Copy the listing exactly, leaving out every picture.

=== Begin Enclosure ===

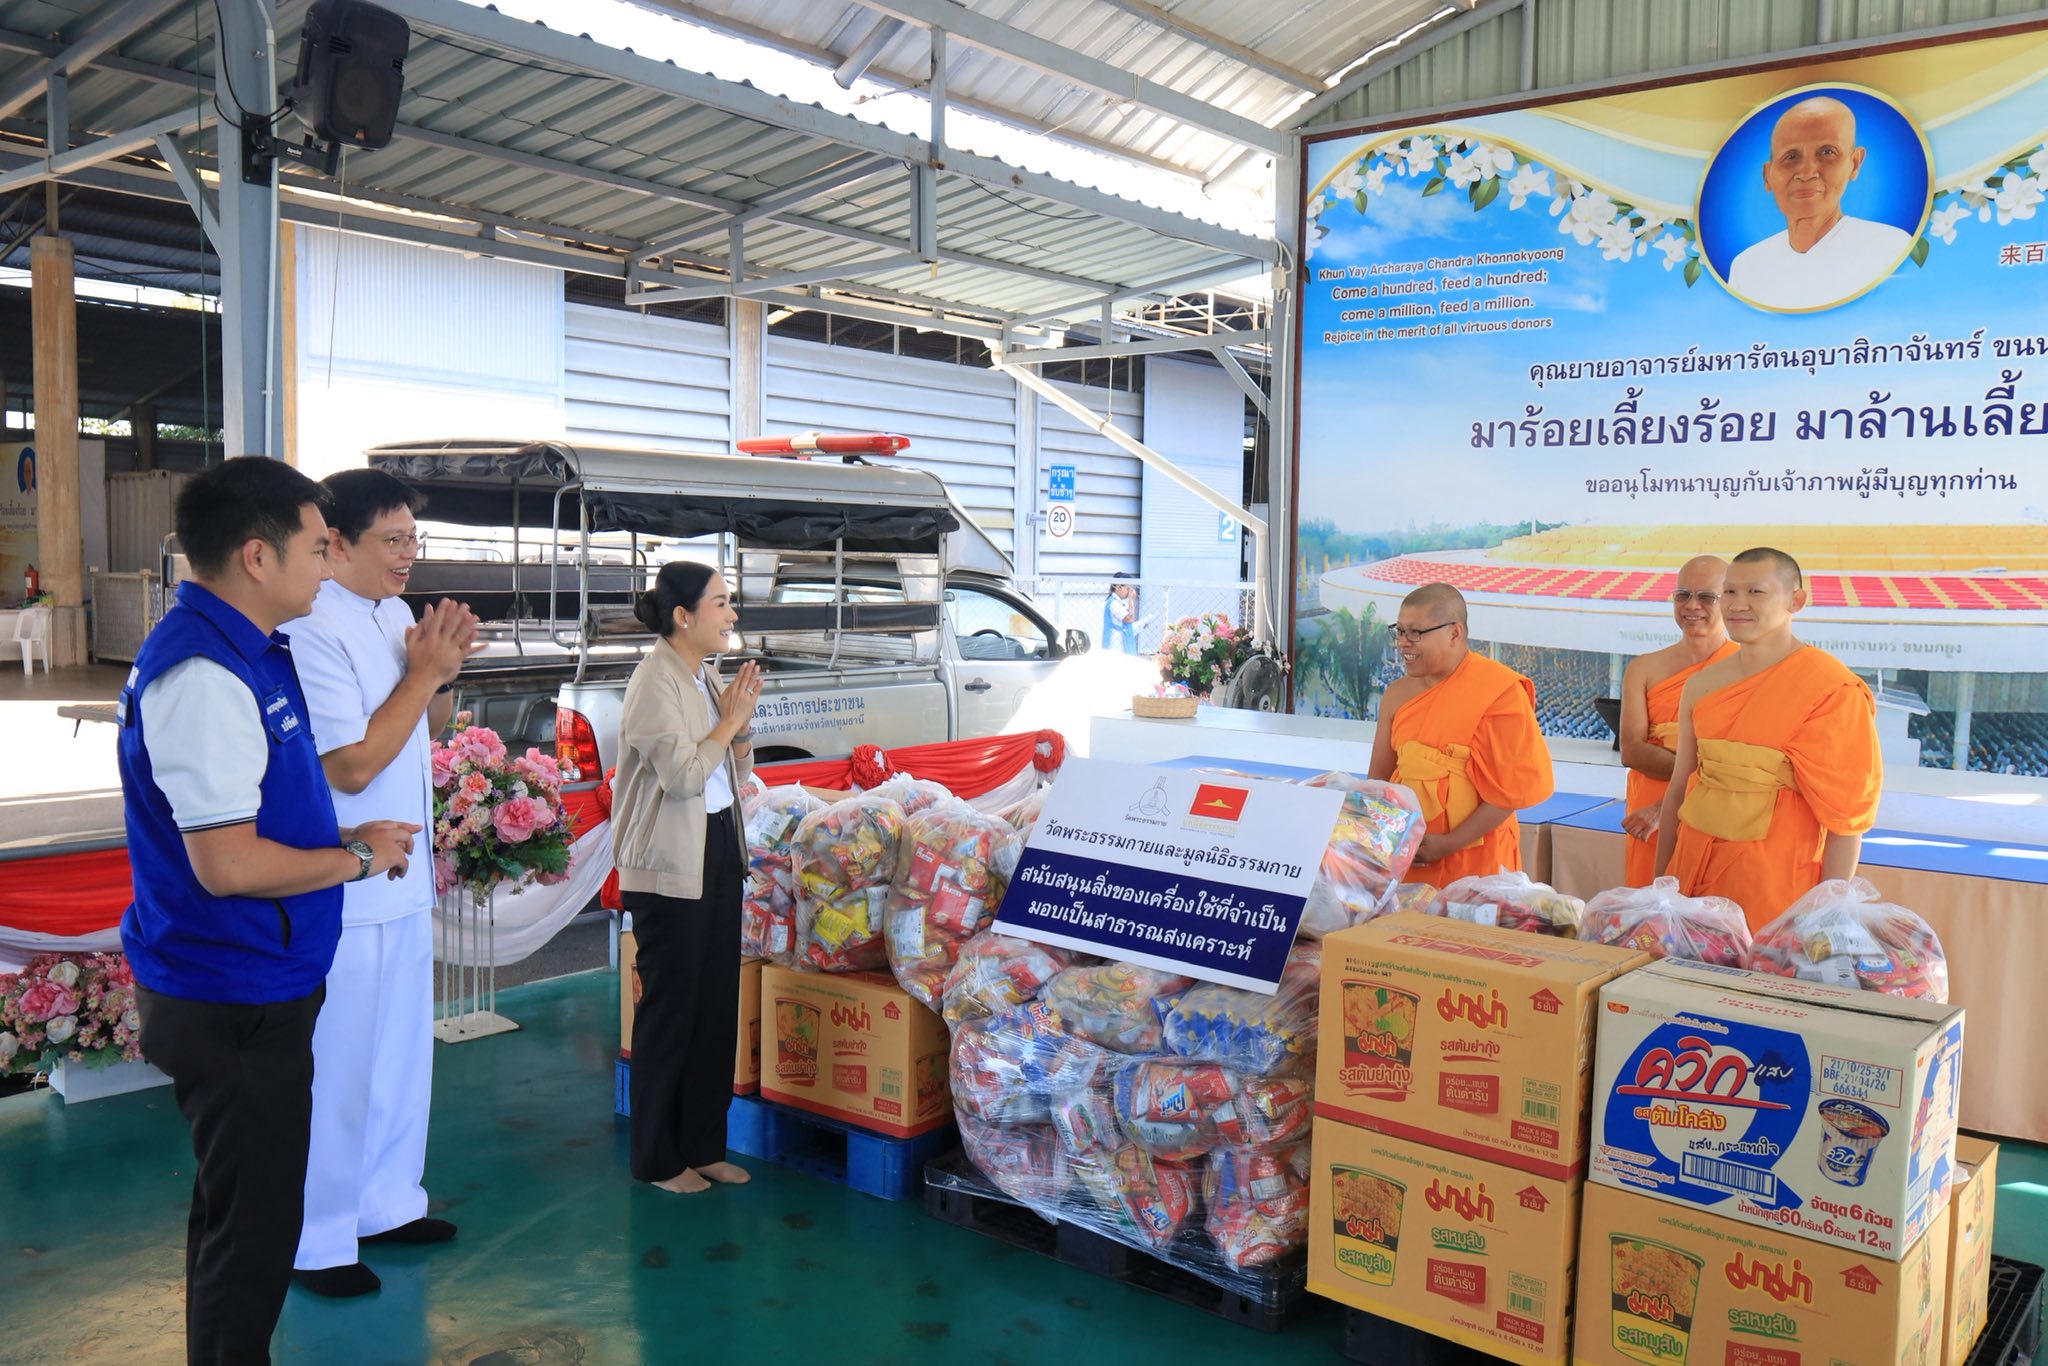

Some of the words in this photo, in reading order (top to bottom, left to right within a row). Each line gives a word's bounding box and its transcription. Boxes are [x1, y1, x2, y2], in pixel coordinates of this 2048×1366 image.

[1319, 269, 1345, 279] Khun
[1348, 266, 1367, 277] Yay
[1370, 261, 1424, 275] Archaraya
[1427, 256, 1473, 269] Chandra
[1476, 249, 1564, 265] Khonnokyoong
[1332, 287, 1367, 300] Come
[1371, 286, 1378, 296] a
[1442, 276, 1470, 290] feed
[1475, 276, 1482, 287] a
[1341, 309, 1374, 321] come
[1378, 307, 1385, 318] a
[1440, 300, 1468, 314] feed
[1473, 301, 1480, 311] a
[1324, 331, 1361, 344] Rejoice
[1364, 329, 1374, 339] in
[1377, 328, 1394, 339] the
[1397, 325, 1426, 337] merit
[1429, 324, 1441, 335] of
[1444, 323, 1457, 334] all
[1461, 322, 1507, 333] virtuous
[1511, 319, 1552, 330] donors
[1470, 387, 1778, 448] มาร้อยเลี้ยงร้อย
[1051, 468, 1074, 482] กรุณา
[1053, 511, 1067, 523] 20
[1221, 515, 1235, 540] 2
[1045, 818, 1302, 879] วัดพระธรรมกายและมูลนิธิธรรมกาย
[1020, 863, 1288, 933] สนับสนุนสิ่งของเครื่องใช้ที่จำเป็น
[1027, 898, 1258, 963] มอบเป็นสาธารณสงเคราะห์
[1437, 987, 1509, 1029] มาม่า
[1440, 1039, 1500, 1057] รสต้มยำกุ้ง
[1339, 1065, 1412, 1089] รสต้มยำกุ้ง
[1425, 1178, 1495, 1223] มาม่า
[1811, 1196, 1847, 1219] จัดชุด
[1850, 1204, 1862, 1220] 6
[1432, 1228, 1485, 1250] รสหมูสับ
[1340, 1248, 1391, 1273] รสหมูสับ
[1725, 1251, 1813, 1304] มาม่า
[1728, 1308, 1797, 1335] รสหมูสับ
[1618, 1325, 1682, 1356] รสหมูสับ

=== End Enclosure ===

• Expected answer
Some of the words in this photo, in reading order (top to bottom, left to right within a row). Each line gives a word's bounding box and its transcription. Boxes are [x1, y1, x2, y2], in pixel coordinates of this 2048×1366 image.

[1319, 269, 1345, 279] Khun
[1348, 266, 1367, 277] Yay
[1370, 261, 1424, 275] Archaraya
[1427, 256, 1473, 269] Chandra
[1476, 249, 1564, 265] Khonnokyoong
[1332, 287, 1367, 300] Come
[1371, 286, 1378, 296] a
[1442, 276, 1470, 290] feed
[1475, 276, 1482, 287] a
[1341, 309, 1374, 321] come
[1378, 307, 1385, 318] a
[1440, 300, 1468, 314] feed
[1473, 301, 1480, 311] a
[1324, 331, 1361, 344] Rejoice
[1364, 329, 1374, 339] in
[1377, 328, 1394, 339] the
[1397, 325, 1426, 337] merit
[1429, 324, 1441, 335] of
[1444, 323, 1457, 334] all
[1461, 322, 1507, 333] virtuous
[1511, 319, 1552, 330] donors
[1470, 387, 1778, 448] มาร้อยเลี้ยงร้อย
[1051, 468, 1074, 482] กรุณา
[1053, 511, 1067, 523] 20
[1221, 515, 1235, 540] 2
[1045, 818, 1302, 879] วัดพระธรรมกายและมูลนิธิธรรมกาย
[1020, 863, 1288, 933] สนับสนุนสิ่งของเครื่องใช้ที่จำเป็น
[1027, 898, 1258, 963] มอบเป็นสาธารณสงเคราะห์
[1437, 987, 1509, 1029] มาม่า
[1440, 1039, 1500, 1057] รสต้มยำกุ้ง
[1339, 1065, 1412, 1089] รสต้มยำกุ้ง
[1425, 1178, 1495, 1223] มาม่า
[1811, 1196, 1847, 1219] จัดชุด
[1850, 1204, 1862, 1220] 6
[1432, 1228, 1485, 1250] รสหมูสับ
[1340, 1248, 1391, 1273] รสหมูสับ
[1725, 1251, 1813, 1304] มาม่า
[1728, 1308, 1797, 1335] รสหมูสับ
[1618, 1325, 1682, 1356] รสหมูสับ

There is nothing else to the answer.